Le emozioni che provo così forti, la musica che mi colpisce in maniera così irrazionale e i colori che mi accecano spesso anche al buio, soprattutto immersi nelle ombre. Sono solo derive del mio essere portato a sentire di più

“Cio’ che invece mi accade nelle rare ore di gioia, cio’ che per me e’ delizia, estasi ed elevazione, il mondo lo conosce e cerca e ama tutt’al piu’ nella poesia: nella vita gli sembrano pazzie. Infatti se il mondo ha ragione, se hanno ragione le musiche nei caffe’, i divertimenti in massa, la gente americana che si contenta di cosi’ poco, vuol dire che ho torto io, che sono io il pazzo, il vero lupo della steppa, come mi chiamai piu’ volte, l’animale sperduto in un mondo a lui estraneo e incomprensibile, che non trova piu’ la patria, l’aria, il nutrimento.”

Da lupo della steppa ho sempre cercato un modo per esprimere il mio sentire. La fotografia mi è capitata tra le mani all’improvviso e la mia natura mi ha portato a farla completamente mia, ad usarla come mezzo per decodificare i colori della mia anima. Non sono i colori che vengono decodificati dal sensore, sono le mie sensazioni che vengono impresse attraverso esso.

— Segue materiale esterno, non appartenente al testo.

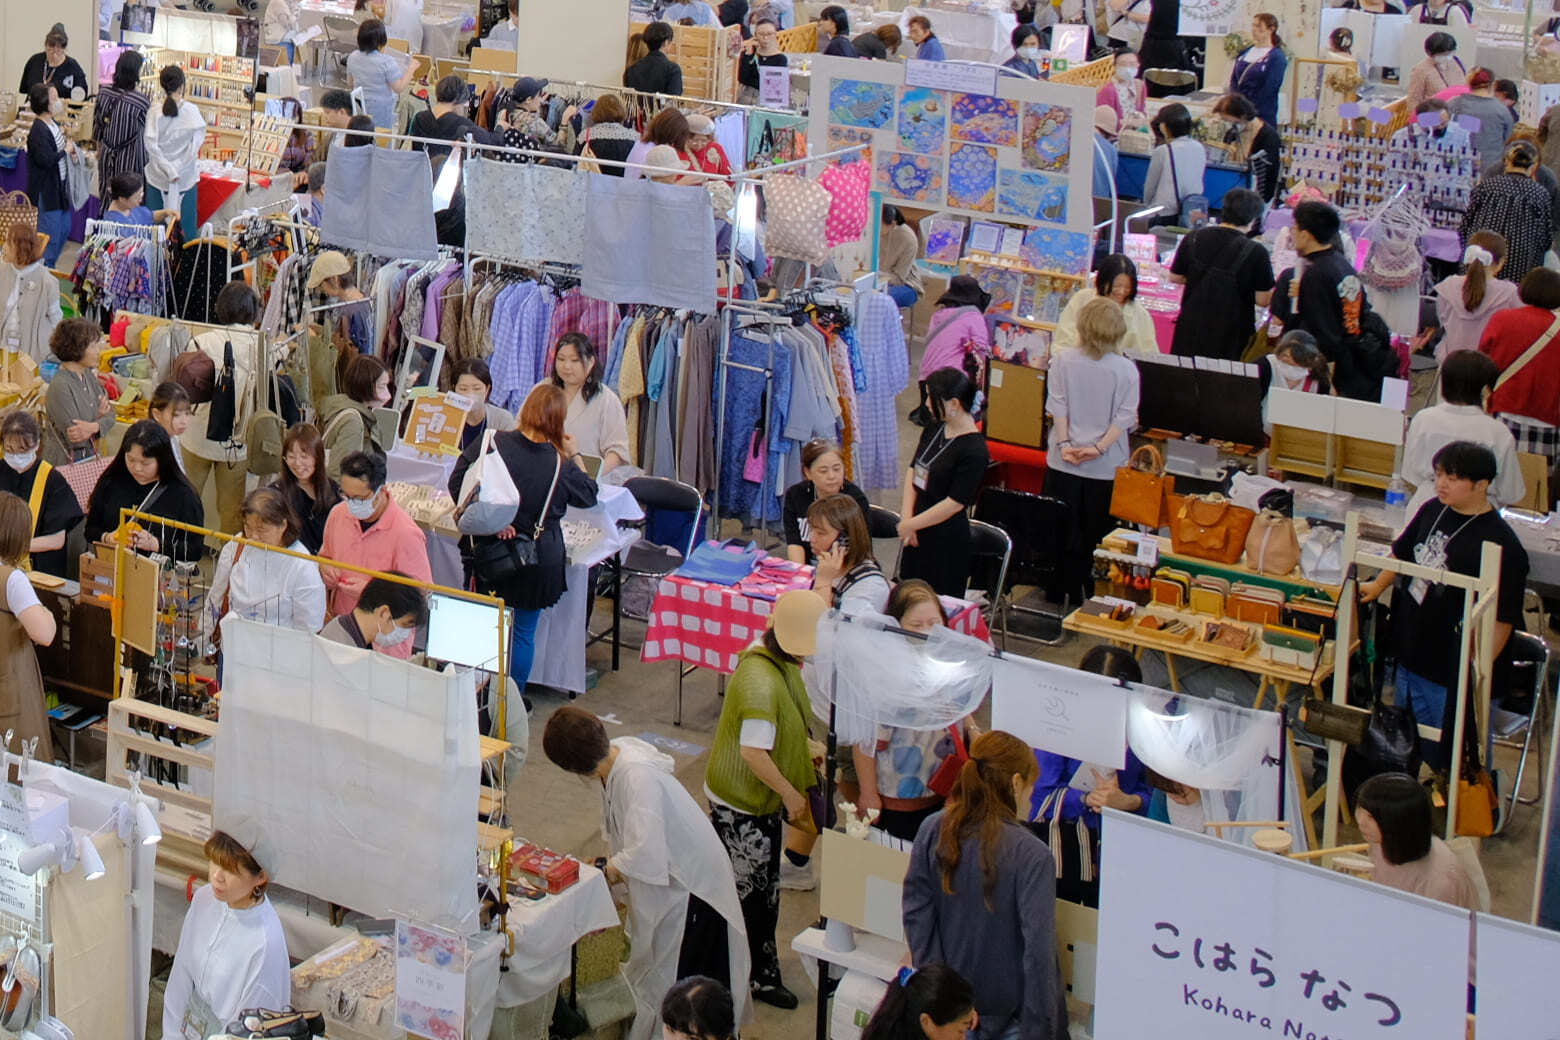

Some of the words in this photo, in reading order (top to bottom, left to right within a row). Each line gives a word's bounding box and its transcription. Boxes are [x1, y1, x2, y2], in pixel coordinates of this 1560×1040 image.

Il viaggio è stato una conseguenza. Ho scoperto che il viaggio è un impulso naturale, che ci appartiene da sempre, ma a differenza di ogni istinto ha bisogno di una forza iniziale per essere innescato. Questa forza si può trovare in se stessi o attraverso altri mezzi o persone. Io l’ho trovata grazie alla fotografia ed alcune dinamiche più complesse che tutti noi prima o poi siamo costretti ad affrontare e che ci portano a volerci allontanare da noi stessi il più possibile e il più velocemente possibile. Si scopre solo più tardi che in realtà non ci si è allontanati da se stessi, ma il contrario.

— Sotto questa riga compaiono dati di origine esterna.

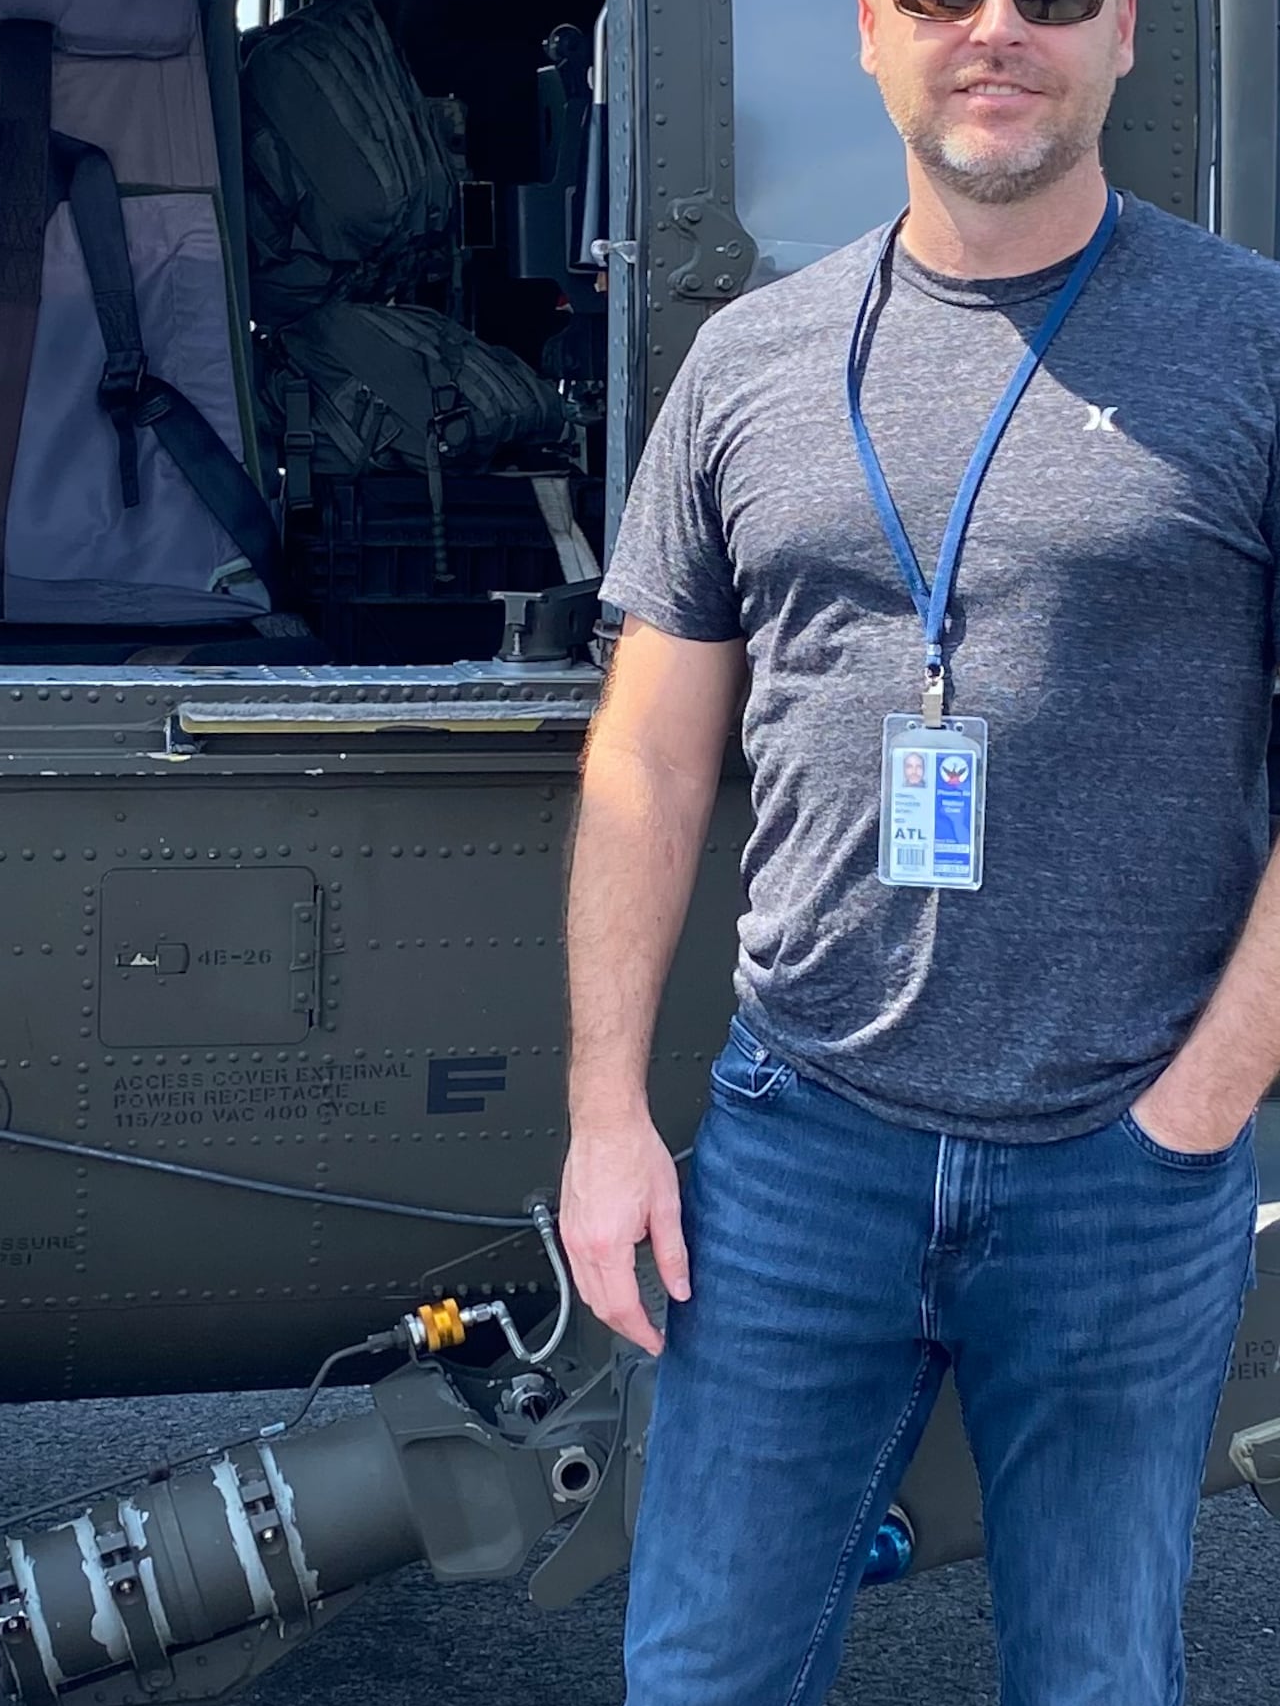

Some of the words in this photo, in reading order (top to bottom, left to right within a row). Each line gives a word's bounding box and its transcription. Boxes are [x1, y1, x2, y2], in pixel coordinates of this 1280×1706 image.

[894, 828, 926, 840] ATL
[113, 1072, 204, 1092] ACCESS
[212, 1069, 289, 1087] COVER
[294, 1061, 412, 1083] EXTERNAL
[114, 1093, 196, 1109] POWER
[203, 1083, 350, 1106] RECEPTACLE
[114, 1111, 203, 1129] 115/200
[212, 1108, 255, 1124] VAC
[263, 1104, 308, 1121] 400
[317, 1100, 388, 1119] CYCLE

Il mio essere lupo della steppa mi ha portato ad affrontare il viaggio come ogni altra sensazione: completamente, totalmente, in maniera quasi dolorosa.
Mi sono immerso nel viaggio come se fosse una sensazione, come se fosse un sapore. Non ne sono mai sazio. Credo sia una conseguenza naturale dell’essere lupo, la costante ricerca di un luogo che ci appartenga.

Questo è un altro problema, la società ci spinge a vedere noi stessi come individuo. In realtà dentro di noi siamo una moltitudine e non esisterà mai solo un unico posto che ci appartiene. Nascosti, dietro alberi, sotto rocce od oceani: ognuno di noi appartiene a posti segreti e ne subisce il richiamo costantemente, mentre si fa la doccia, mentre ride per la battuta di un amico.

Da lupo mi sono arreso al richiamo di questi posti nascosti, di questi posti segreti che sono quasi templi. Paracetamolo per l’anima.

Questo Blog aiuterà me a ricordare i dettagli che sto perdendo tra i chilometri, e spero che spingerà voi a trovare i vostri posti nel mondo.

Ah, dimenticavo, K è il diminutivo del mio cognome. Ci manca poco che anche mia madre mi chiami così, quindi accomodatevi.